AAJ: It is a very personal sounding album. You have those three beautiful tunes dedicated to his children. Also, just the fact that it is a solo album surely changes things a lot. When you made your solo album, Ascetic (Audioguy, 2013), a wonderful album, I mean, it is a different mindset compared to when you play or record with any of your trios, no?

FH: Yes it is, completely. You are creating everything and controlling everything as well. It's just you, so you feel, wow, I can do whatever I want! [laughs] Rubalcaba's album was so perfect, but different from before—so personal and more honest, I would say. It was as if he was comforting himself. And comforting the listener. I really felt that, especially on "Blue in Green." He plays that twice, and both times I was very touched.

AAJ: Did you come across Fe Faith before recording your own solo album?

FH: Yes, about one year before. I had thought about maybe recording solo and this album gave me some ideas how to play solo, how to control things, technique-wise and energy. There are very practical reasons why I liked this album.



Jason Moran
Artist In Residence
(Blue Note)
2006

AAJ: As always with Jason Moran, an interesting, multi-faceted album. What drew you to this?

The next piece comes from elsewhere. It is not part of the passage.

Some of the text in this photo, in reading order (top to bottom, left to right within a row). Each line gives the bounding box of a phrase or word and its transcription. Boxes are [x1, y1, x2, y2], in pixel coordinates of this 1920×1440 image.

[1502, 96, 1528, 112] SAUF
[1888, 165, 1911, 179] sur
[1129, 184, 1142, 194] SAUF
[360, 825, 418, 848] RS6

FH: Jason was the last person I met in New York as a sort of mentor. I discovered him much earlier, of course, but I found it hard to get into at first. It was too free, a lot going on and then suddenly, boom! What is this? He's a fantastic musician, truly innovative.

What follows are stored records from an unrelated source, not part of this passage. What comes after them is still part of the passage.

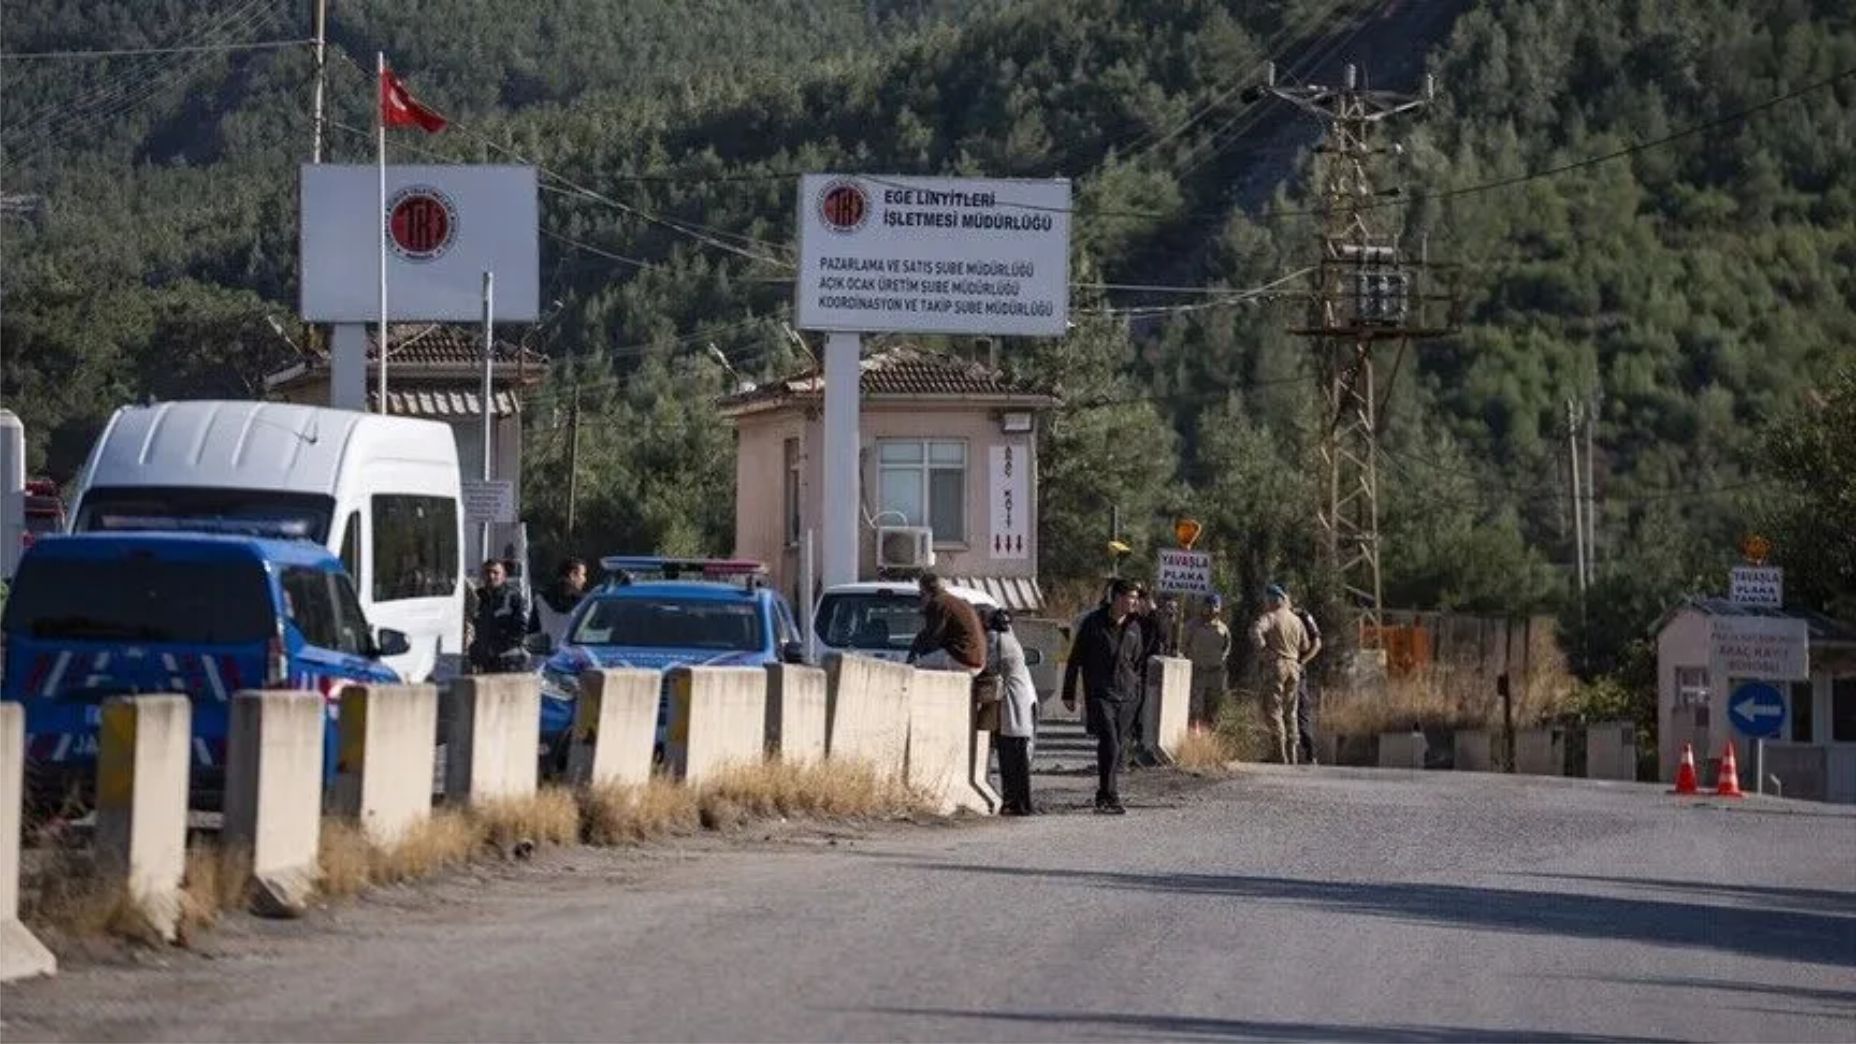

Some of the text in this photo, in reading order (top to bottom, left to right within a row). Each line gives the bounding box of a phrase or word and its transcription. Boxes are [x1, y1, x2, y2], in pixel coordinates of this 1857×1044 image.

[884, 189, 995, 207] EGE LİNYİTLERİ
[884, 208, 1053, 232] İŞLETMESİ MÜDÜRLÜĞÜ
[820, 257, 885, 272] PAZARLAMA
[887, 259, 900, 273] VE
[966, 261, 1034, 278] MÜDÜRLÜĞÜ
[818, 277, 845, 291] AÇIK
[846, 277, 875, 291] OCAK
[877, 277, 918, 293] ÜRETİM
[952, 280, 1020, 296] MÜDÜRLÜĞÜ
[818, 295, 902, 312] KOORDİNASYON
[904, 298, 917, 312] VE
[920, 297, 952, 313] TAKİP
[985, 300, 1054, 317] MÜDÜRLÜĞÜ
[1004, 446, 1013, 479] ARAÇ
[1161, 553, 1208, 569] YAVAŞLA
[1164, 569, 1204, 581] PLAKA

I had lessons with him. It took almost one year to get lessons with him. We talked. It wasn't just about technique but the ideas that he had, which really influenced me a lot at that time, and until now, of course. He became a big figure for me. He opened up a lot of different doors for me, after I left New York, first in Korea and then in Tokyo, to play with various kinds of art forms—with artists, painters and installations. I had never really thought about these sorts of opportunities before. I only stayed in Korea for two and a half years before I left for Japan.

AAJ: Ralph Alessi plays on one track on this album. He is another important figure in your development, isn't he?

FH: Yes. I also had lessons with him. He was playing something different. The first lesson he brought just a very short phrase. He was like, 'Let's play!' There was no time. There were notes but there was no rhythm, no chord changes. That's how we started. Real improvisation. It really opened up so many possibilities, so many directions I could go in.

You know, sometimes we forget that jazz musicians in the beginning didn't play with chord changes, they always played by ear. There was no written music. Now, we are trained to become jazz musicians, which somehow doesn't make sense. An institution cannot teach people to become artists.

AAJ: I think a lot of people would agree with you. It's like a conversation with friends at a dinner table—you can't rehearse it or train for it...it comes from within.

FH: Yes, exactly. It already exists—all the notes and all the harmonies, we didn't create them. You need basic structure, to know how to put them together so they make sense, to make the conversation possible. You can't do that out of nothing. Everybody cannot just jump on the piano and play.



AAJ: These are six really interesting albums, Francesca, on lots of different levels. Is there a common denominator between them, for you?

FH: I think it's honesty. All the musicians were honest with themselves, and it makes for beautiful music. It's not about the level of technique, but how much we can express as human beings. Honesty is the key.